(Dataset entries)
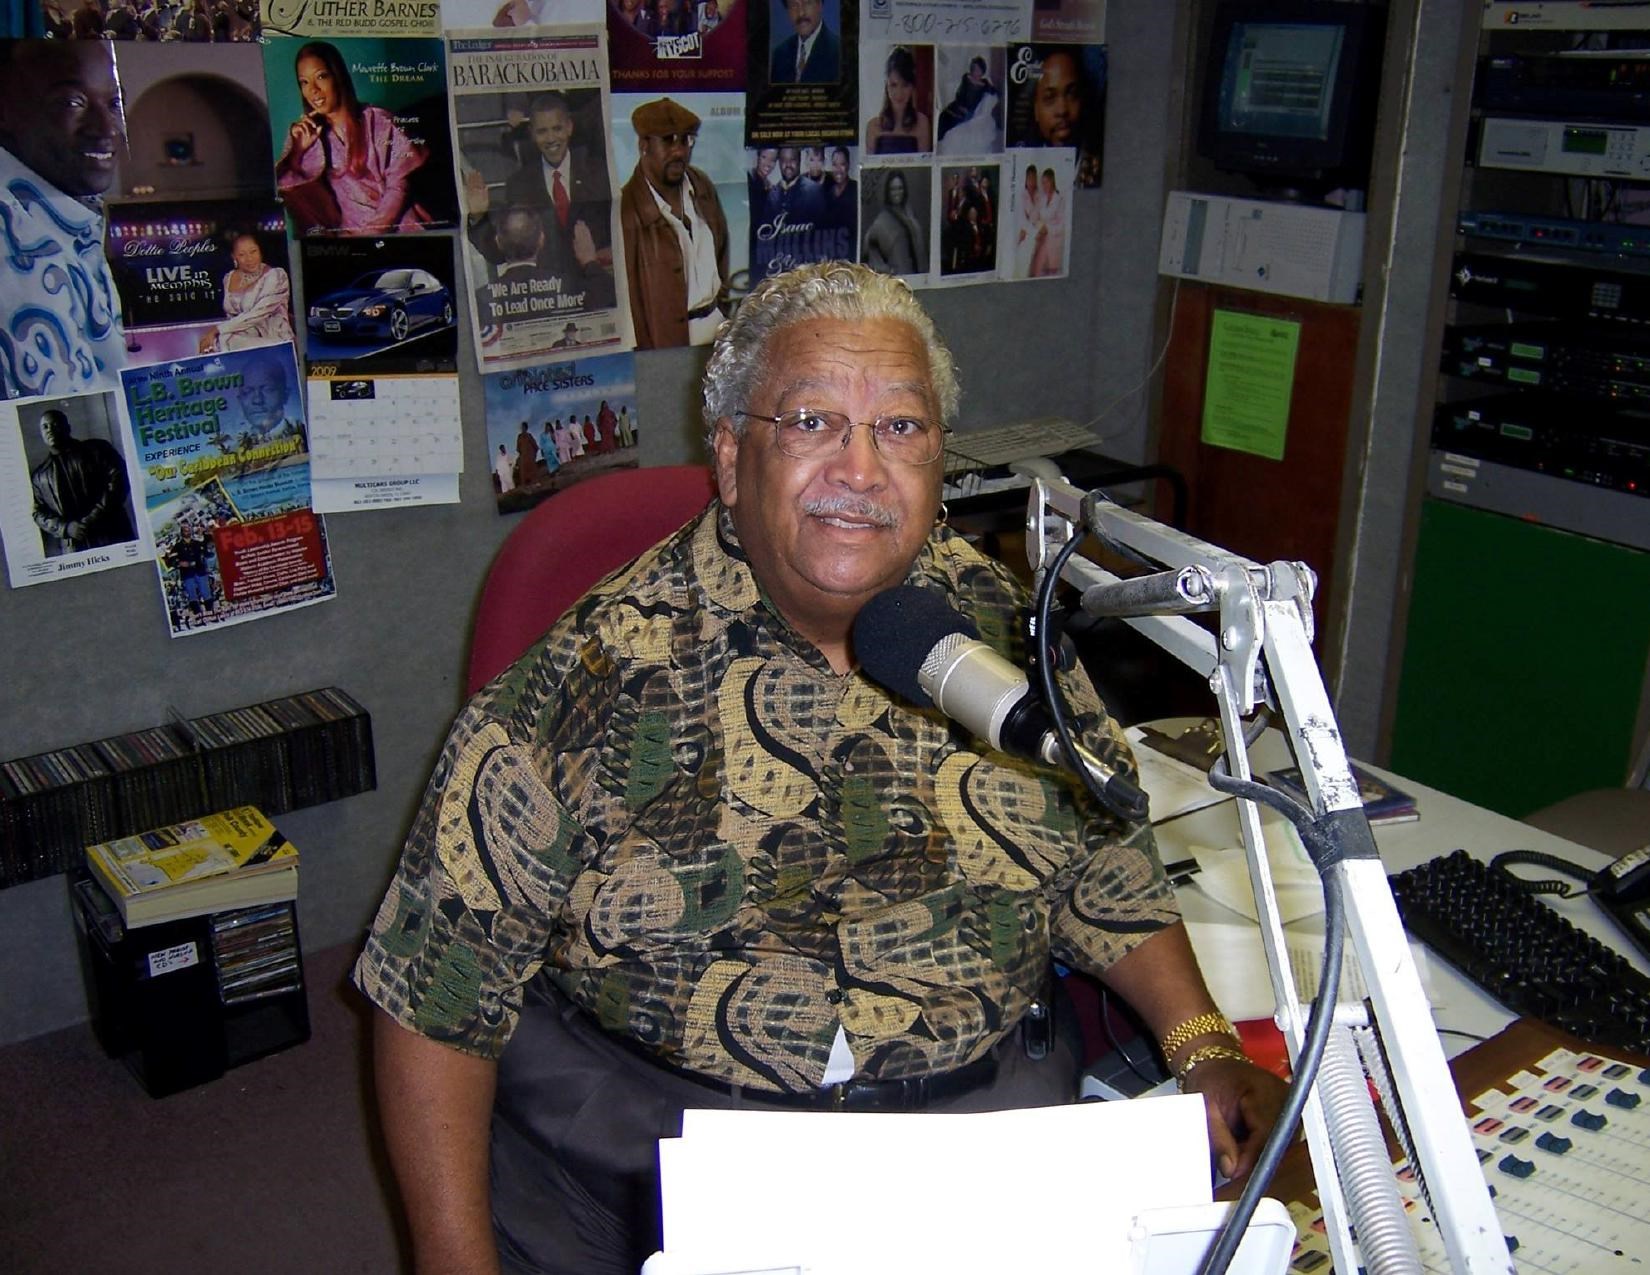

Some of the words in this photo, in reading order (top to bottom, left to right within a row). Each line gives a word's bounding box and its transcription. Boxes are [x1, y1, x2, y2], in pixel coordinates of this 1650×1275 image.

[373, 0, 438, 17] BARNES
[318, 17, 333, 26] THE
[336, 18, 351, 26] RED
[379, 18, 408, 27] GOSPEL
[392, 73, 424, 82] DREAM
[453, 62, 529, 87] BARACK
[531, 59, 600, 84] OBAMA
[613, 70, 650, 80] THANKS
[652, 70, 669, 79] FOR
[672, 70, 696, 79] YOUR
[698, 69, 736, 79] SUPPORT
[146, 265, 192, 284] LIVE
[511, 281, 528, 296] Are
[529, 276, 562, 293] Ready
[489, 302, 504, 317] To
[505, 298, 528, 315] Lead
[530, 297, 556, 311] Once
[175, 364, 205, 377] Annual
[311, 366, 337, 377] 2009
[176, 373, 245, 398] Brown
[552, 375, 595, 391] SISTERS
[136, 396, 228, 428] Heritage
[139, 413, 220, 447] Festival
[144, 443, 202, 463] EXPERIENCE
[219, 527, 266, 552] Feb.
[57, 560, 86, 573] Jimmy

- **What the task asks**
What is needed is every entry above, repeated exactly, with the pictures dropped.

- **Response to this exercise**
Some of the words in this photo, in reading order (top to bottom, left to right within a row). Each line gives a word's bounding box and its transcription. Boxes are [x1, y1, x2, y2], in pixel coordinates of this 1650×1275 image.

[373, 0, 438, 17] BARNES
[318, 17, 333, 26] THE
[336, 18, 351, 26] RED
[379, 18, 408, 27] GOSPEL
[392, 73, 424, 82] DREAM
[453, 62, 529, 87] BARACK
[531, 59, 600, 84] OBAMA
[613, 70, 650, 80] THANKS
[652, 70, 669, 79] FOR
[672, 70, 696, 79] YOUR
[698, 69, 736, 79] SUPPORT
[146, 265, 192, 284] LIVE
[511, 281, 528, 296] Are
[529, 276, 562, 293] Ready
[489, 302, 504, 317] To
[505, 298, 528, 315] Lead
[530, 297, 556, 311] Once
[175, 364, 205, 377] Annual
[311, 366, 337, 377] 2009
[176, 373, 245, 398] Brown
[552, 375, 595, 391] SISTERS
[136, 396, 228, 428] Heritage
[139, 413, 220, 447] Festival
[144, 443, 202, 463] EXPERIENCE
[219, 527, 266, 552] Feb.
[57, 560, 86, 573] Jimmy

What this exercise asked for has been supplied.